The reason I think we, as a society, have the diet we do is because it’s cheap and fast. I forget who came up with this model, or where I heard it from first, but almost any commodity you can buy will have three costs: a material one (cheap vs. expensive), a temporal one (fast vs. slow) and a qualitative one (healthy vs. unhealthy). Obviously, what’s best is something that’s cheap, fast and healthy — it’s reasonably nutritious, doesn’t take a lot of time to prepare or consume, and doesn’t cost a lot. So much of our diet industry is based around chasing that holy grail. It’s why we have Power Bars and protein supplements, Slim-Fast and pre-packaged salads. We want to eat food that has it all. But something cheap, fast and healthy probably isn’t going to taste very good. But we don’t have time or money to spare, so we sacrifice quality to eat food we like. At least it’s cheap and fast!

In order to make food that tastes good, you’re going to have to pony up for it somehow. It’s either going to be expensive (think of the pre-packaged stuff you get at Trader Joe’s or Whole Foods), take a lot of time to make (think of cooking your own healthy version of, well, anything) or it’s not going to be good for you (think of any fast-food restaurant). Sometimes you’ll have to pay in time AND money, and that’s basically what Whole30 forces you to do.

Getting locally-sourced, humanely-raised meat takes time; you have to research what sort of conditions are important to you (Is it important for the animal to be free-range? What about no antibiotics? What about vegetarian-fed?), then you have to find sources that match those criteria, then you have to find out where the product is being sold. When you do find it, it’s probably going to cost a lot. Our food production system is geared towards using factory farming methods, and anyone stepping out of that system will need to pay money to do it. In the end, you have to put your money where your mouth is and pay for your beliefs.

I don’t think this is necessarily a negative. But it is something that impacted my life over the last 30 days, quite a bit. Ryan and I, as I said before, aren’t big cookers — we both have fairly busy lives and we sacrificed healthy eating for what was cheap, fast and available up until now. Whole30 puts quality above everything else, so it’s difficult to do if you’re not willing to put in the time and/or pay up the money for it.

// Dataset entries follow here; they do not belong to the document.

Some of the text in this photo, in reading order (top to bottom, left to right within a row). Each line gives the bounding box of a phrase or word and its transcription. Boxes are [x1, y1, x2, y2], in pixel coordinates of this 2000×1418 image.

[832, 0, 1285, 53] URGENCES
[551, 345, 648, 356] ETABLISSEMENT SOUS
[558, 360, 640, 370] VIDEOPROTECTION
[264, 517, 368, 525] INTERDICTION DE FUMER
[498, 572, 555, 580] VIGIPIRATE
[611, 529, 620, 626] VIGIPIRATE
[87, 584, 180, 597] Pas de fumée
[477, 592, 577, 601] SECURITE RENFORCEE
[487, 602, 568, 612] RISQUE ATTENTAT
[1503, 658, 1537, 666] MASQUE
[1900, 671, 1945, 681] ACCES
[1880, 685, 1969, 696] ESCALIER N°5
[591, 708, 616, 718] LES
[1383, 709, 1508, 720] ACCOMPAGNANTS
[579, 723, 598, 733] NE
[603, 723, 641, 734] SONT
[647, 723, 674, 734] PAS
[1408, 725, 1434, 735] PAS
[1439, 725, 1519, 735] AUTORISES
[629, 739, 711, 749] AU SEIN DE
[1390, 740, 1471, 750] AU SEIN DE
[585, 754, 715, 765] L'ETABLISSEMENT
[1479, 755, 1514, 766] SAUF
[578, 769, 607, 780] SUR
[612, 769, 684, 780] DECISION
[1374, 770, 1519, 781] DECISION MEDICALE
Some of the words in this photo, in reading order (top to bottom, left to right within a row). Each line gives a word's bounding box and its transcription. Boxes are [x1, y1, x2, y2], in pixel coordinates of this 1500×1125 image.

My grocery bill shot up in February QUITE a bit, and most of my evenings were spent preparing food — either for dinner that night or for breakfast and lunch the next day. As much as I appreciate discovering a love of cooking, other priorities were shoved aside to make room for this. While I’m glad I had the experience of living with an uncompromising set of ideals for thirty days, I miss having the time to focus on writing.

Whole30 itself is also ridiculously prohibitive, and while their philosophy is sound regarding why they demand those restrictions, it’s actually really freaking difficult to live that philosophy out ‘in the wild’ without becoming kind of a fanatic about it. Going out to eat is a bit of a nightmare; even if you have a dish that looks ‘safe’, you have to ask what the chicken or steak is cooked in, whether that has any added sugar or butter, or ask for croutons or cheese to be taken out of your salad. If you don’t have friends who are doing it with you, it can be kind of isolating. Nobody wants to be the guy with the ridiculously specific order at the table, but you have to in order to live up to Whole30’s uncompromising philosophy.

Even with the drastic increase in money and time spent making sure our diet complied with the Whole30, we tended to rely on a few simple staples for breakfast and lunch. As a result, I’m burned out on turkey patties and canned tuna. It’ll take me at least a year to get my enjoyment back for either of those! We didn’t manage to get to specialty stores for ghee or clarified butter (two of the only oils/fats approved for cooking), so we went through a ton of olive oil.

The bottom line: the Whole30 is a fairly advanced-level diet, which makes it almost impossible to follow for someone who doesn’t really know their way around a kitchen. A couple of friends who were doing it with us fared far better, but they like to cook and have quite a few years of experience on me. In fact, all of the best Whole30 meals I had during the month were cooked by other people; without them, it would have been a much blander experience.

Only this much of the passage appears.